◆ **PROBLEM STATEMENT**
Each entry that follows is to be retyped exactly. Pictures do not belong in the copy.

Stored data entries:
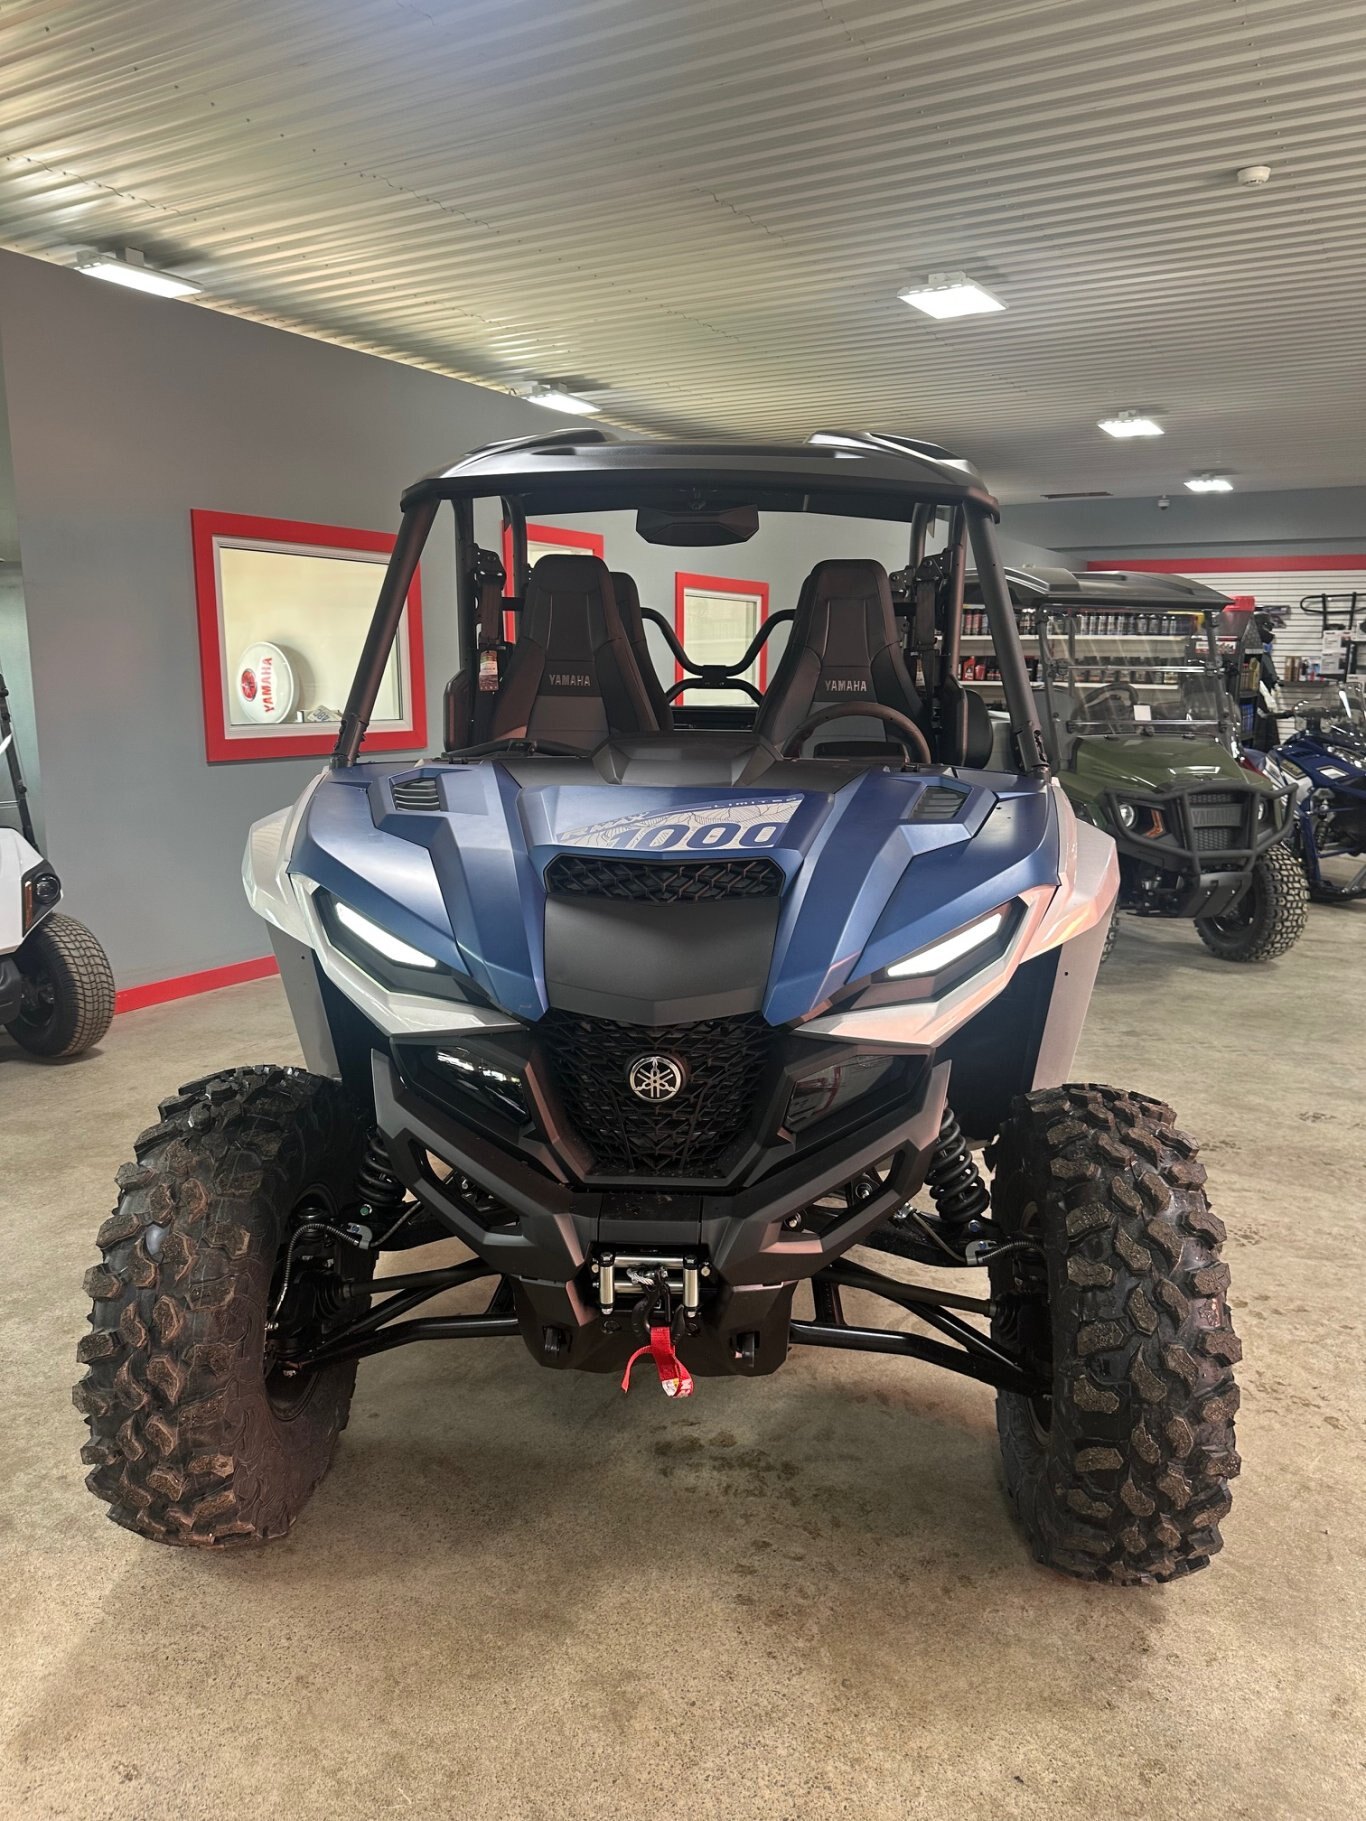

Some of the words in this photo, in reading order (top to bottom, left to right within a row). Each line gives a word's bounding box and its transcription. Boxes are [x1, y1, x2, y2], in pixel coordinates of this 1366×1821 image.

[261, 657, 275, 713] YAMAHA
[549, 673, 591, 687] YAMAHA
[824, 679, 868, 692] YAMAHA
[612, 821, 788, 850] 1000
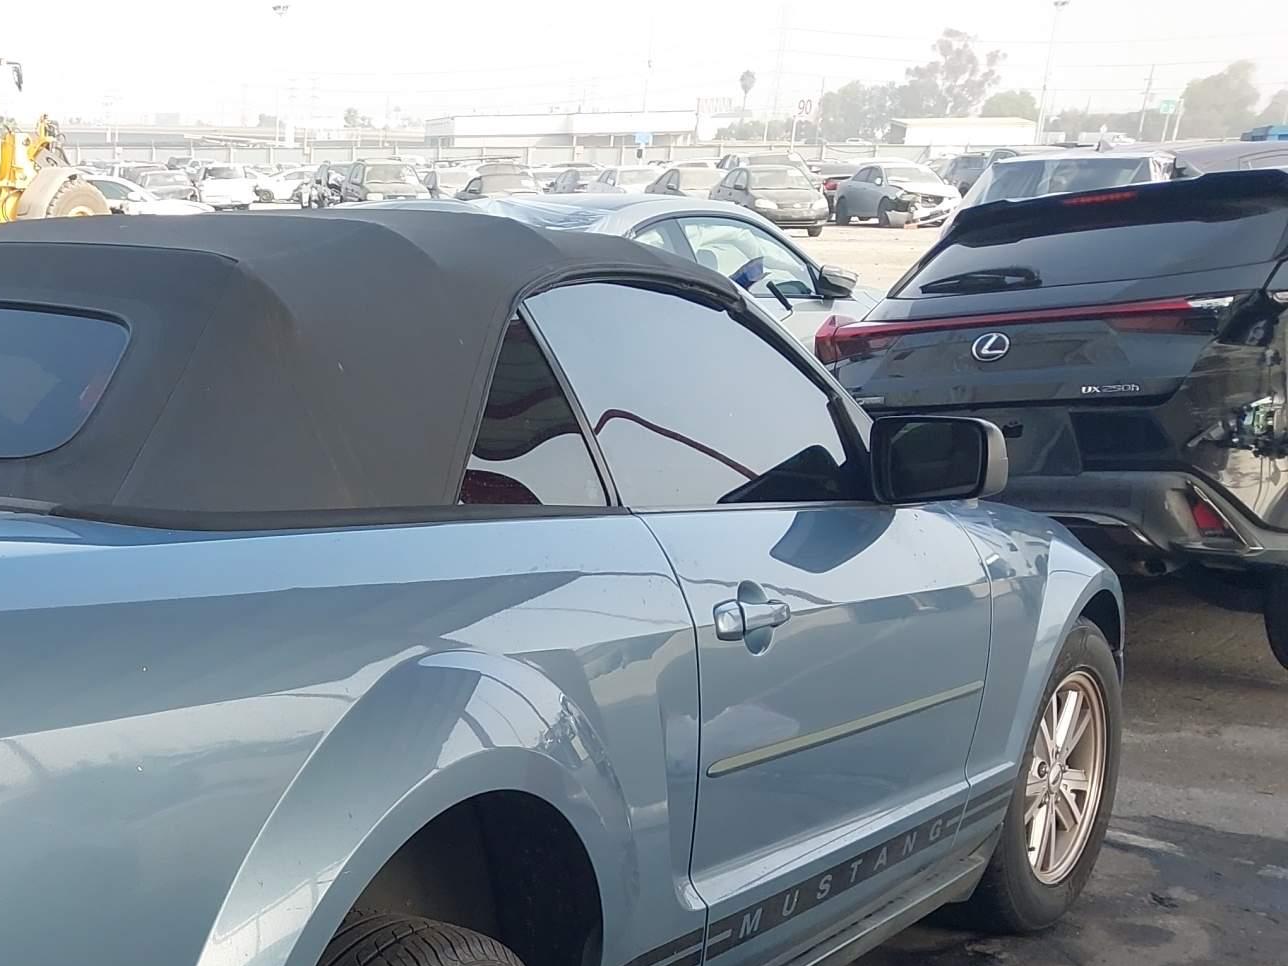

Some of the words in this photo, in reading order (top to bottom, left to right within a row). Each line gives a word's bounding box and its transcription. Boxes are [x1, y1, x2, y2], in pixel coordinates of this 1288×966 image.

[797, 99, 812, 115] 90
[1081, 386, 1101, 394] UX
[1102, 383, 1140, 393] 250h
[738, 818, 943, 939] MUSTANG
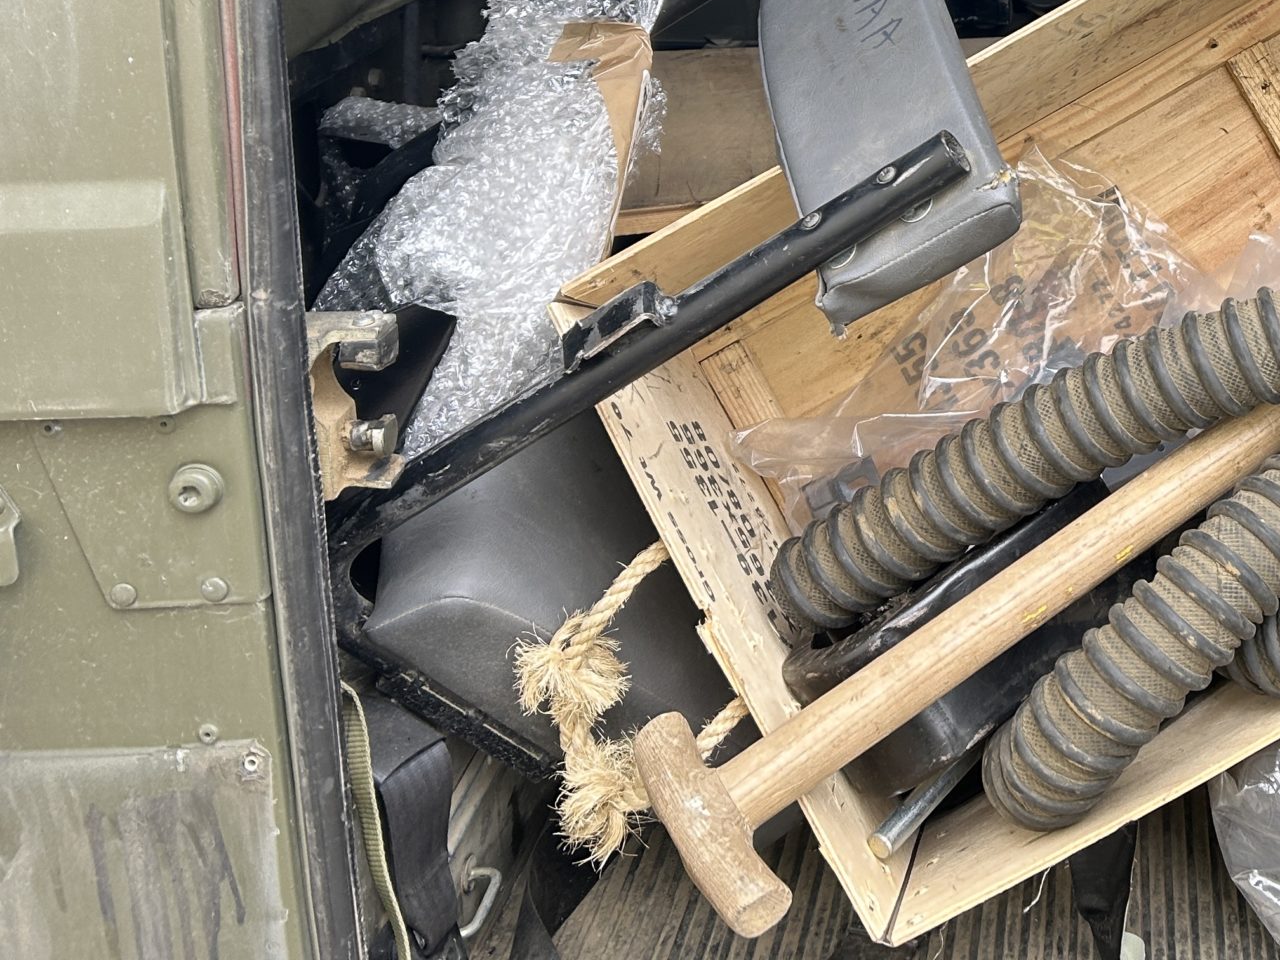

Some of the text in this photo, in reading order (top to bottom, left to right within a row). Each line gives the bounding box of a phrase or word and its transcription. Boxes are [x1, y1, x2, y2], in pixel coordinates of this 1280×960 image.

◆ **COMPLETED TASK**
Some of the words in this photo, in reading order (top to bottom, left to right within a row). Each line gives a word's bounding box and its transcription. Boxes are [x1, y1, x2, y2], in pixel coordinates of this 1366×1821 image.

[261, 657, 275, 713] YAMAHA
[549, 673, 591, 687] YAMAHA
[824, 679, 868, 692] YAMAHA
[612, 821, 788, 850] 1000

Some of the words in this photo, in reading order (top to bottom, left to right within a row). Each line gives a word's bounding box and its transcription. Boxes are [x1, y1, x2, y2], in pixel coordinates of this 1288×966 image.

[797, 99, 812, 115] 90
[1081, 386, 1101, 394] UX
[1102, 383, 1140, 393] 250h
[738, 818, 943, 939] MUSTANG

Some of the text in this photo, in reading order (top to bottom, left to right within a row). Each line gives the bounding box of a phrase or word and its transcription. Boxes are [x1, y1, x2, y2], in pixel coordinates of this 1280×960 image.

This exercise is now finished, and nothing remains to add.